In brief: The story of four flatmates living in Tokyo and the boy who appears on their couch one night.

The good: Excellent translation by Philip Gabriel gives the narrative a haunting, unsettling edge.

The not-so-good: Not high on action.

Why I chose it: I loved Villain. Thanks to Random House UK for the eARC.

Year: 2014

Pages: 240 (English translation)

Publisher: Random House (Harvill Secker/Vintage Publishing)

Setting: Japan

My rating: 9.5 out of 10

Parade is the kind of book my friends would say is stereotypical of my reading habits – ‘set in Japan, not much happens and then it gets all weird’. While I wouldn’t say that Parade is ‘all weird’, there are a few kooky and creepy revelations in a novel that is character driven, rather than by plot.

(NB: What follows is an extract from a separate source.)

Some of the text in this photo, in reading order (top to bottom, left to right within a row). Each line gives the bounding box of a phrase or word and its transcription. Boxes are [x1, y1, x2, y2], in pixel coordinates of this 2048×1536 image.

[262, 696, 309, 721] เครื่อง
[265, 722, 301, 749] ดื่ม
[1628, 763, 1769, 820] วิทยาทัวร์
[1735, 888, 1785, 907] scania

I love this kind of book, especially when it’s set in Japan. I don’t know why, but a big Japanese city location with characters that are fighting their inner demons is the makings of a great story for me. I think Japanese novels (this book has been translated into English by Philip Gabriel) and their characters open themselves more completely to the reader, revealing both the positive and negative sides of a person. It’s refreshingly honest.

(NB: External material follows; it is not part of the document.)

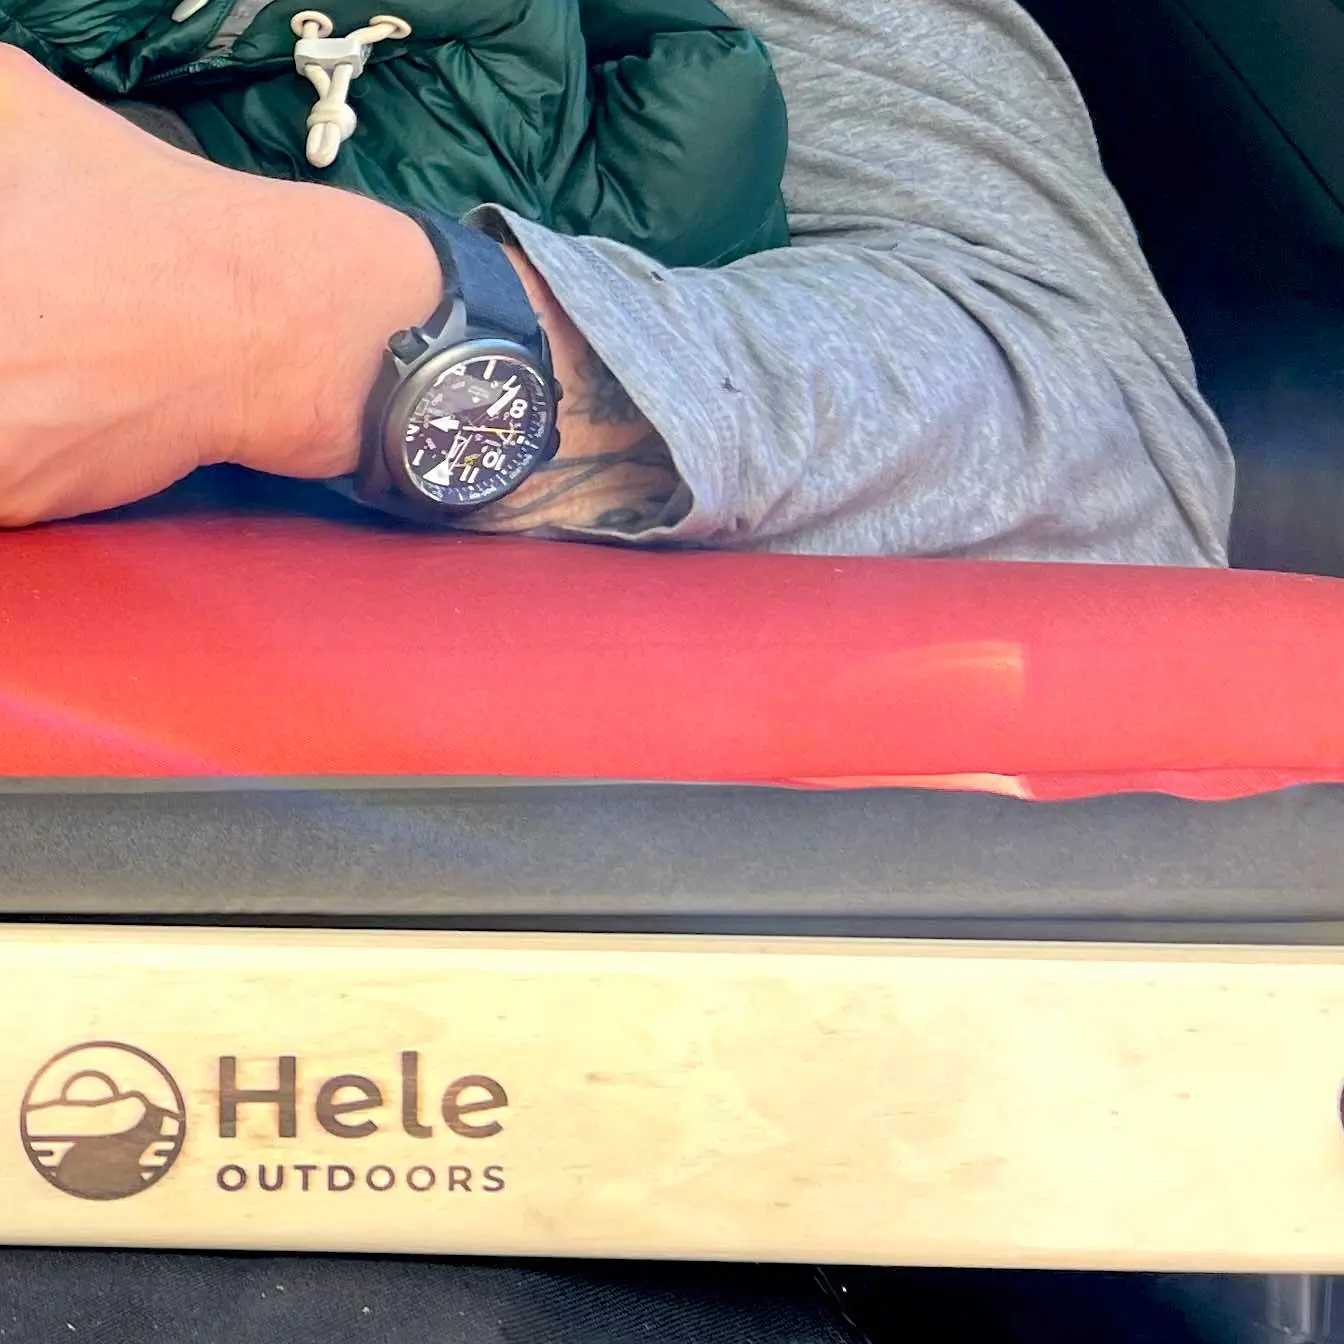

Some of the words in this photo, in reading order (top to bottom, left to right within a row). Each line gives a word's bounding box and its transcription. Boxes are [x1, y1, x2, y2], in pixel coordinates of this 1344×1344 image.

[509, 398, 528, 419] 8
[218, 1050, 508, 1139] Hele
[216, 1163, 506, 1192] OUTDOORS

Parade is centred on four occupants of an apartment in Tokyo. All are young and all have problems of their own to face. The flatmates, two boys and two girls, hang out quite a lot in between work and study. They are quite different, but appear to get on well together. Each chapter is told from the third person perspective of one of the flatmates. First is Ryosuke, who is studying in Tokyo to try to make something of himself. He’s not really enthused about university, more about his increasing affection for his older friend’s girlfriend and whether he should make a play for her. Then there’s Kotomi, who left a good job in Sapporo after realising that she’s not happy. Now she sits on the couch in the flat waiting for her college sweetheart (an up and coming actor) to call, day in, day out. Mirai is an artist on the weekend, a store manager by day and heavy drinker at night. Unknown to her, it’s Mirai that brings Satoru home one drunken night. Satoru’s young and works by night in the park – but what does he do? Nobody really knows much about him (and Satoru tells them all different stories), but all the flatmates are eager to help him out. Finally, there’s Naoki, the eldest and original occupant of the flat. He’s got an on/off girlfriend, a great job and a secret. Eventually, this group will find out they do more than share an apartment…

I really liked the way we got to know each character in detail from ‘their’ chapter. Yoshida also gently introduces more about the next character to come, so by the time I got to Naoki’s chapter (the last one), I felt like I knew him. The characters are all quite dissimilar, but each has something you can identify with, such as Ryosuke’s determination to please his parents or Kotomi’s search for happiness. Due to their ages (late teens to late twenties), there are also plenty of activities that you can identify with (both good and bad): excessive drinking, lazing away, films and TV. Kotomi’s age and naivety also assist in establishing that there’s something weird going on in the apartment next door, where men enter and schoolgirls exit, crying. This subplot is both creepy and amusing, which gets the flatmates completely unsettled, missing the bigger picture.

You may be thinking that all the flatmates sound like cosy, good friends but it’s Satoru, the outsider who identifies that they’re not – more ‘playing at friends’. Dig deeper and you find that each person is hiding something from the others, trying to keep something hidden in a place where there’s very little privacy. Some of the flatmates do it better than others – but can they hide their true selves?

I can’t say that I saw the ending coming at all, but the reaction of the group was very interesting. Given their jumpiness over the apartment next door and its possible activities, their reaction to a crime was almost non-existent – passive and accepting. Is this a reflection on young people today not caring about society or self-absorption? Is it a comment on the changing face of Japan, a society that thinks of the group before the individual?

I found this book fascinating for what it revealed about these characters and about society in general. With that slight sense of uneasiness, it was a perfect read for me.